The research done at White Mountain will be a big part of Rieger’s doctoral dissertation, and Dr. McManus had him helm the project.
“I did a bit of everything,” recalls Rieger. “After developing the research questions with Dr. McManus, we recruited a team of researchers and participants. Our goal was to track basic cardiovascular changes that occur during high altitude travel in children.”
The team measured changes in ventilation and the heart walls as well as cardiac output, pulmonary artery pressure and brain blood flow in the children. Rieger is currently analyzing and compiling the data into a series of reports for different scientific and recreational audiences.
Exercise capacity is known to shrink at high altitude, so the UBCO team also did tests to assess changes in breathing and blood flow responses to exercise while on the mountain.
After baseline testing near sea level in Irvine, the research participants were driven about eight hours to the Crooked Creek Station, the first of the research facilities operated by the University of California, Los Angeles on White Mountain. To minimize the adverse effects of their rapid ascent up the mountain in vehicles, the families and research team spent two days acclimatizing.
At the same time each morning, the kids and their parents were also put through a battery of tests and exercise requirements. Afterwards, they were free to go on hikes, take part in games, or just hang out together at the two stations they stayed at.
Because the next highest facility, Barcroft Field Station—located at 3,800 metres—was 25 kilometres away, the families and researchers drove. Led by the UBCO team, the expedition included 24 researchers and participants, including collaborators from the University of Victoria, Cardiff Metropolitan University in the UK, and the University of California, Irvine Medical Center.
Brianne Smith and her three daughters, Sloane, 13, Jordana, 9, and Aspen, 7, were one family involved. Smith’s children had participated in other pediatric activity research Dr. McManus previously conducted at UBCO.
“In our house,” says Smith, “we talk a lot about the value of participating in research, and that a lot of these projects only get done if people volunteer. So we’re avid research volunteers. And this was really a unique opportunity.”
They do a lot of rock-climbing and multi-day backpacking hikes. “But we hadn’t done anything quite at that altitude prior,” says Smith. Though her youngest experienced a headache and some nausea the first night on the mountain—possible signs of AMS—Smith was reassured by the fact that two wilderness medicine doctors accompanied the kids and researchers.
There were also three activity coordinators who arranged games and other activities during the trip to mimic what families might do on a high-altitude holiday.
While data from the trip is still being analyzed, early findings were recently published in the journal Wilderness & Environmental Medicine.
The study, says Dr. McManus, “gives insight into what that young healthy body is capable of doing with the insult of a lack of oxygen. This is what happens when a kid goes up to high altitude. How sick do they get? How quickly do they recover, and what are any standout issues that we have to be aware of?”
And there was.
“AMS isn’t necessarily more prevalent in children,” explains Rieger. “But those who become sick have greater symptoms, or a different presentation of symptoms,” including more fatigue and nausea, but less of the classic headache.

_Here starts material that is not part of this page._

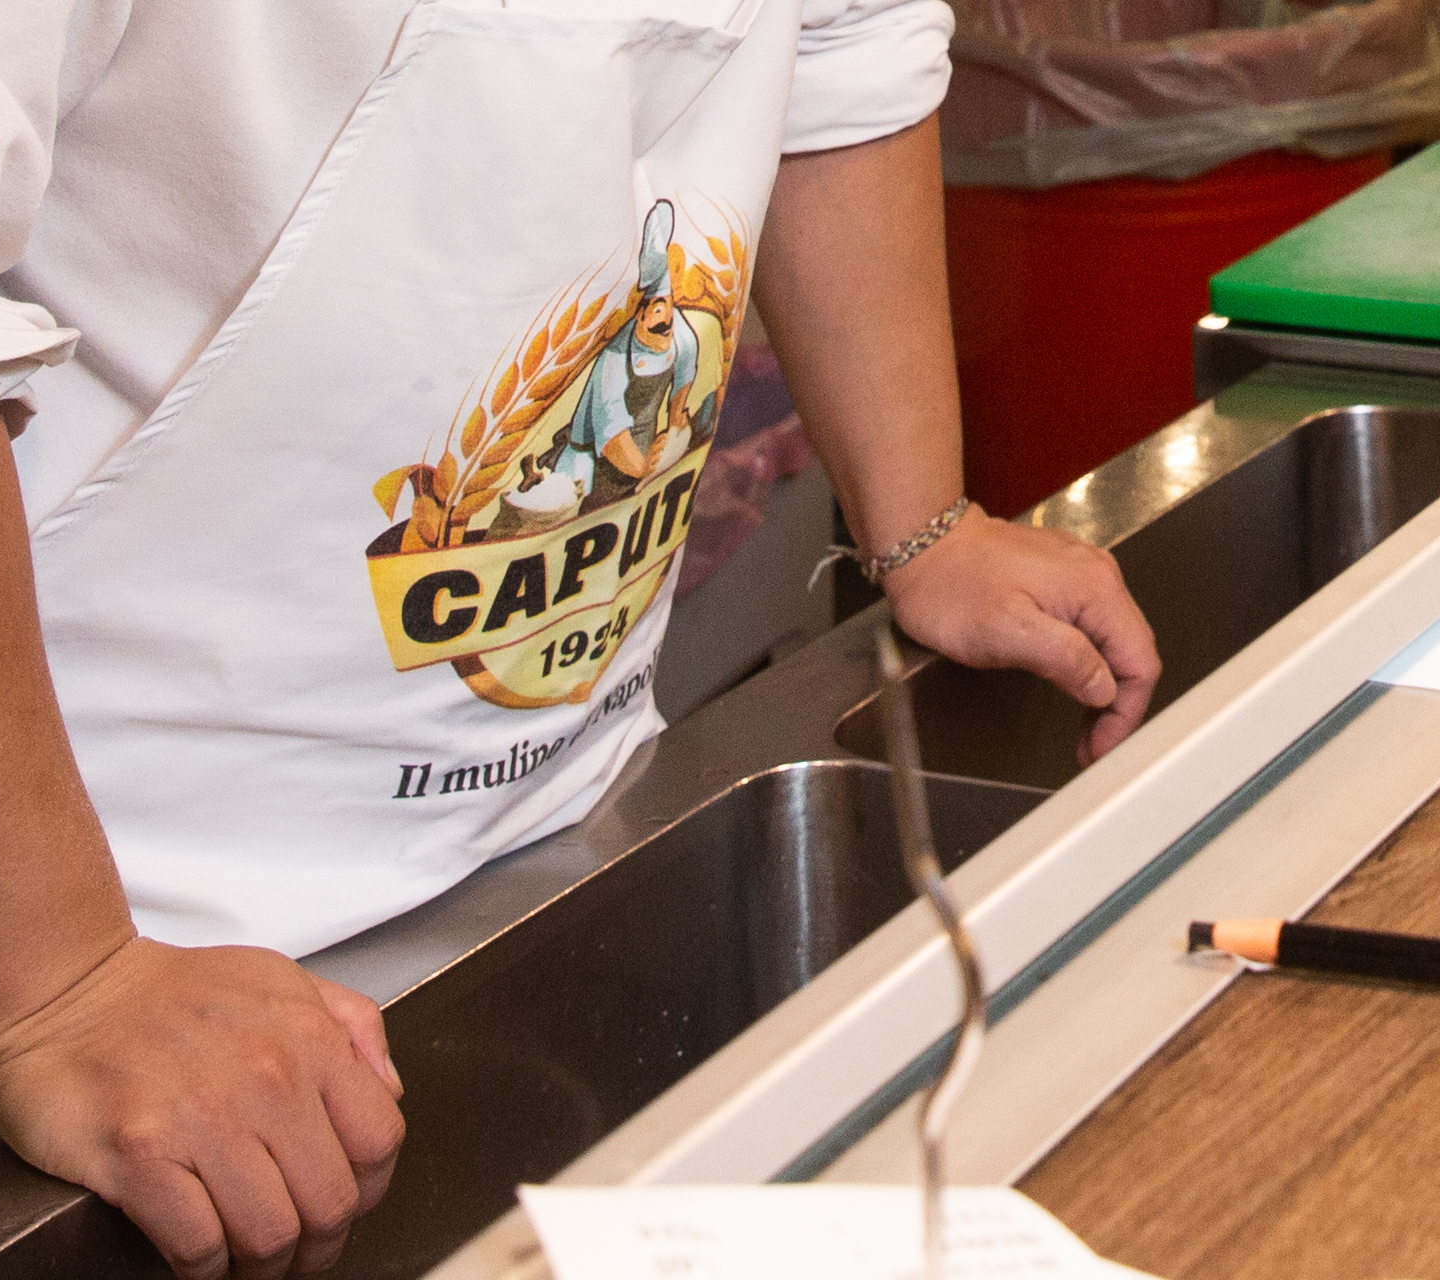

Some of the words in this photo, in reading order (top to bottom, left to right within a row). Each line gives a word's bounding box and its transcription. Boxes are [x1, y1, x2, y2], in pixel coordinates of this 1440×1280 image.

While dehydration happens to everyone at high altitude, the PERL team found children lost body water at high altitude sooner and more rapidly. “All the kids were absolute warriors during the research,” says Rieger, adding that, in addition to the hard data collected, conducting research on the flanks of White Mountain also produced anecdotal observations that should help science and medicine better understand AMS in pint-sized mountaineers.
“It was really fun being up there with the kids, taking them on a trip, and actually seeing how they do at high altitude in a way that has never been done before,” smiles Rieger.